Task
The listing is to be printed in full, exactly as given.

Given data
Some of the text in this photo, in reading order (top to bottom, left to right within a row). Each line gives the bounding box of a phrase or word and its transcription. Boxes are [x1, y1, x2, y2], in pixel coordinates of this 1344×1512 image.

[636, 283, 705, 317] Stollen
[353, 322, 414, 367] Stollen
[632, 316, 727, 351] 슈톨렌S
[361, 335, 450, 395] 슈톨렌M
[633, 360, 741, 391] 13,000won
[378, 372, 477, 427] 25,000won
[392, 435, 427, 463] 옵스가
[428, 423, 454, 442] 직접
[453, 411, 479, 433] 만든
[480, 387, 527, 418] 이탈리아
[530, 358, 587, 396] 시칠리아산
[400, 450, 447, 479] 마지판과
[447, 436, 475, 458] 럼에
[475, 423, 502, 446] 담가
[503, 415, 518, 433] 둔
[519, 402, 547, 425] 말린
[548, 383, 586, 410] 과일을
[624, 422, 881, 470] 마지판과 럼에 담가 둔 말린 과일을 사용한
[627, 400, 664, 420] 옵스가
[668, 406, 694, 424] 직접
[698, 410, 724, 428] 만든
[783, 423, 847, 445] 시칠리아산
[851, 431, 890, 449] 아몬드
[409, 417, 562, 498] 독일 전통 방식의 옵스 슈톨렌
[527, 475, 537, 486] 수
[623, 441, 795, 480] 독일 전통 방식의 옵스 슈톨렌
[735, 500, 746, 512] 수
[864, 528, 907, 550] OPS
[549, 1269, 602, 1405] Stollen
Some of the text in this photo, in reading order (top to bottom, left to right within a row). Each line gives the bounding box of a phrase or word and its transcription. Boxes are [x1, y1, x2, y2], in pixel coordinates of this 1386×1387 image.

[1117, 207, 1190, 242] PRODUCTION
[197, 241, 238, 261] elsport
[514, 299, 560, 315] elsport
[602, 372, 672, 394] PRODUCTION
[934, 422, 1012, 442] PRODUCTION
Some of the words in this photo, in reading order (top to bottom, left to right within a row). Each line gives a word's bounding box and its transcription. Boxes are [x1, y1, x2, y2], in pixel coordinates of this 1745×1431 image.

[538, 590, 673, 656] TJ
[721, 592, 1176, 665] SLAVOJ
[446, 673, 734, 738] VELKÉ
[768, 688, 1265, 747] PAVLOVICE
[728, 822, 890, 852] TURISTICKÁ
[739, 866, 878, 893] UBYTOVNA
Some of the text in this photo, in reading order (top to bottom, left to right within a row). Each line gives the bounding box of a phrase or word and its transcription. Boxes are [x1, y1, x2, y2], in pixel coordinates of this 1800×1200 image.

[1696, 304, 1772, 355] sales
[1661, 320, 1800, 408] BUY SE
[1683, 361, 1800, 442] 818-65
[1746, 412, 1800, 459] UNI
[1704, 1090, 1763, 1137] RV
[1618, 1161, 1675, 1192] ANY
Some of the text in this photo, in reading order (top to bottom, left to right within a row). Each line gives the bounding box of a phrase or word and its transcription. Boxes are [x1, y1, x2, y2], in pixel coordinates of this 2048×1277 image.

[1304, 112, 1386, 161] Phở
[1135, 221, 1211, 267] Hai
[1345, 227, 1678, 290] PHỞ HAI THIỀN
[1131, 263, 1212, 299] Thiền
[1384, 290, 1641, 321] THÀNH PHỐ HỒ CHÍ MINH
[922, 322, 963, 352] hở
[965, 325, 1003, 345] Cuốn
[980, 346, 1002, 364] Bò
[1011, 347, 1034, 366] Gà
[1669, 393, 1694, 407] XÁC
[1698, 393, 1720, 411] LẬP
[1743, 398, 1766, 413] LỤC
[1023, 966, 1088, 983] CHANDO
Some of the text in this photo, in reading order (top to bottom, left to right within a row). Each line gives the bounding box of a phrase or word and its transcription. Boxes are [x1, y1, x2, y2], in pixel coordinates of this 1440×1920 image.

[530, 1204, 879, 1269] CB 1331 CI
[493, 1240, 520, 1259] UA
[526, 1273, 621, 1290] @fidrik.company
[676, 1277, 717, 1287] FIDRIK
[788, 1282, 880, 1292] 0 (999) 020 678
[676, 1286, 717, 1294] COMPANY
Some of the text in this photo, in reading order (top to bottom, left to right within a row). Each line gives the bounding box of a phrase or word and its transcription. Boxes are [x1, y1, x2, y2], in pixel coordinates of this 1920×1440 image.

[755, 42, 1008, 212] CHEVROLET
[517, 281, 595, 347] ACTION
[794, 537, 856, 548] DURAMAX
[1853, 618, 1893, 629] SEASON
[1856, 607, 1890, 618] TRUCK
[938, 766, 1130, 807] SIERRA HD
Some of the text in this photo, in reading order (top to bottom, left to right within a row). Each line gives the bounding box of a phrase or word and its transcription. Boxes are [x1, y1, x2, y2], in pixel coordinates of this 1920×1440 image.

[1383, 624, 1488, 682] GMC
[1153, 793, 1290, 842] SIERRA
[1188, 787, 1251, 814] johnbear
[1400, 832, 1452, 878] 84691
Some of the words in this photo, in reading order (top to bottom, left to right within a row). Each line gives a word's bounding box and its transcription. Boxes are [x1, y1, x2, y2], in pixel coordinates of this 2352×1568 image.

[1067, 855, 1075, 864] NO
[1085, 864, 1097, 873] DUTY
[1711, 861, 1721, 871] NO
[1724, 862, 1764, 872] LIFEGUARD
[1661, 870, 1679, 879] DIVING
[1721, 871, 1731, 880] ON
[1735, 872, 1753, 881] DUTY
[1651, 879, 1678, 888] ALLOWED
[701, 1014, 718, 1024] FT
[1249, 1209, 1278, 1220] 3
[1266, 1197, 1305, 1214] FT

Result for this exercise
Some of the text in this photo, in reading order (top to bottom, left to right within a row). Each line gives the bounding box of a phrase or word and its transcription. Boxes are [x1, y1, x2, y2], in pixel coordinates of this 1344×1512 image.

[636, 283, 705, 317] Stollen
[353, 322, 414, 367] Stollen
[632, 316, 727, 351] 슈톨렌S
[361, 335, 450, 395] 슈톨렌M
[633, 360, 741, 391] 13,000won
[378, 372, 477, 427] 25,000won
[392, 435, 427, 463] 옵스가
[428, 423, 454, 442] 직접
[453, 411, 479, 433] 만든
[480, 387, 527, 418] 이탈리아
[530, 358, 587, 396] 시칠리아산
[400, 450, 447, 479] 마지판과
[447, 436, 475, 458] 럼에
[475, 423, 502, 446] 담가
[503, 415, 518, 433] 둔
[519, 402, 547, 425] 말린
[548, 383, 586, 410] 과일을
[624, 422, 881, 470] 마지판과 럼에 담가 둔 말린 과일을 사용한
[627, 400, 664, 420] 옵스가
[668, 406, 694, 424] 직접
[698, 410, 724, 428] 만든
[783, 423, 847, 445] 시칠리아산
[851, 431, 890, 449] 아몬드
[409, 417, 562, 498] 독일 전통 방식의 옵스 슈톨렌
[527, 475, 537, 486] 수
[623, 441, 795, 480] 독일 전통 방식의 옵스 슈톨렌
[735, 500, 746, 512] 수
[864, 528, 907, 550] OPS
[549, 1269, 602, 1405] Stollen
Some of the text in this photo, in reading order (top to bottom, left to right within a row). Each line gives the bounding box of a phrase or word and its transcription. Boxes are [x1, y1, x2, y2], in pixel coordinates of this 1386×1387 image.

[1117, 207, 1190, 242] PRODUCTION
[197, 241, 238, 261] elsport
[514, 299, 560, 315] elsport
[602, 372, 672, 394] PRODUCTION
[934, 422, 1012, 442] PRODUCTION
Some of the words in this photo, in reading order (top to bottom, left to right within a row). Each line gives a word's bounding box and its transcription. Boxes are [x1, y1, x2, y2], in pixel coordinates of this 1745×1431 image.

[538, 590, 673, 656] TJ
[721, 592, 1176, 665] SLAVOJ
[446, 673, 734, 738] VELKÉ
[768, 688, 1265, 747] PAVLOVICE
[728, 822, 890, 852] TURISTICKÁ
[739, 866, 878, 893] UBYTOVNA
Some of the text in this photo, in reading order (top to bottom, left to right within a row). Each line gives the bounding box of a phrase or word and its transcription. Boxes are [x1, y1, x2, y2], in pixel coordinates of this 1800×1200 image.

[1696, 304, 1772, 355] sales
[1661, 320, 1800, 408] BUY SE
[1683, 361, 1800, 442] 818-65
[1746, 412, 1800, 459] UNI
[1704, 1090, 1763, 1137] RV
[1618, 1161, 1675, 1192] ANY
Some of the text in this photo, in reading order (top to bottom, left to right within a row). Each line gives the bounding box of a phrase or word and its transcription. Boxes are [x1, y1, x2, y2], in pixel coordinates of this 2048×1277 image.

[1304, 112, 1386, 161] Phở
[1135, 221, 1211, 267] Hai
[1345, 227, 1678, 290] PHỞ HAI THIỀN
[1131, 263, 1212, 299] Thiền
[1384, 290, 1641, 321] THÀNH PHỐ HỒ CHÍ MINH
[922, 322, 963, 352] hở
[965, 325, 1003, 345] Cuốn
[980, 346, 1002, 364] Bò
[1011, 347, 1034, 366] Gà
[1669, 393, 1694, 407] XÁC
[1698, 393, 1720, 411] LẬP
[1743, 398, 1766, 413] LỤC
[1023, 966, 1088, 983] CHANDO
Some of the text in this photo, in reading order (top to bottom, left to right within a row). Each line gives the bounding box of a phrase or word and its transcription. Boxes are [x1, y1, x2, y2], in pixel coordinates of this 1440×1920 image.

[530, 1204, 879, 1269] CB 1331 CI
[493, 1240, 520, 1259] UA
[526, 1273, 621, 1290] @fidrik.company
[676, 1277, 717, 1287] FIDRIK
[788, 1282, 880, 1292] 0 (999) 020 678
[676, 1286, 717, 1294] COMPANY
Some of the text in this photo, in reading order (top to bottom, left to right within a row). Each line gives the bounding box of a phrase or word and its transcription. Boxes are [x1, y1, x2, y2], in pixel coordinates of this 1920×1440 image.

[755, 42, 1008, 212] CHEVROLET
[517, 281, 595, 347] ACTION
[794, 537, 856, 548] DURAMAX
[1853, 618, 1893, 629] SEASON
[1856, 607, 1890, 618] TRUCK
[938, 766, 1130, 807] SIERRA HD
Some of the text in this photo, in reading order (top to bottom, left to right within a row). Each line gives the bounding box of a phrase or word and its transcription. Boxes are [x1, y1, x2, y2], in pixel coordinates of this 1920×1440 image.

[1383, 624, 1488, 682] GMC
[1153, 793, 1290, 842] SIERRA
[1188, 787, 1251, 814] johnbear
[1400, 832, 1452, 878] 84691
Some of the words in this photo, in reading order (top to bottom, left to right within a row). Each line gives a word's bounding box and its transcription. Boxes are [x1, y1, x2, y2], in pixel coordinates of this 2352×1568 image.

[1067, 855, 1075, 864] NO
[1085, 864, 1097, 873] DUTY
[1711, 861, 1721, 871] NO
[1724, 862, 1764, 872] LIFEGUARD
[1661, 870, 1679, 879] DIVING
[1721, 871, 1731, 880] ON
[1735, 872, 1753, 881] DUTY
[1651, 879, 1678, 888] ALLOWED
[701, 1014, 718, 1024] FT
[1249, 1209, 1278, 1220] 3
[1266, 1197, 1305, 1214] FT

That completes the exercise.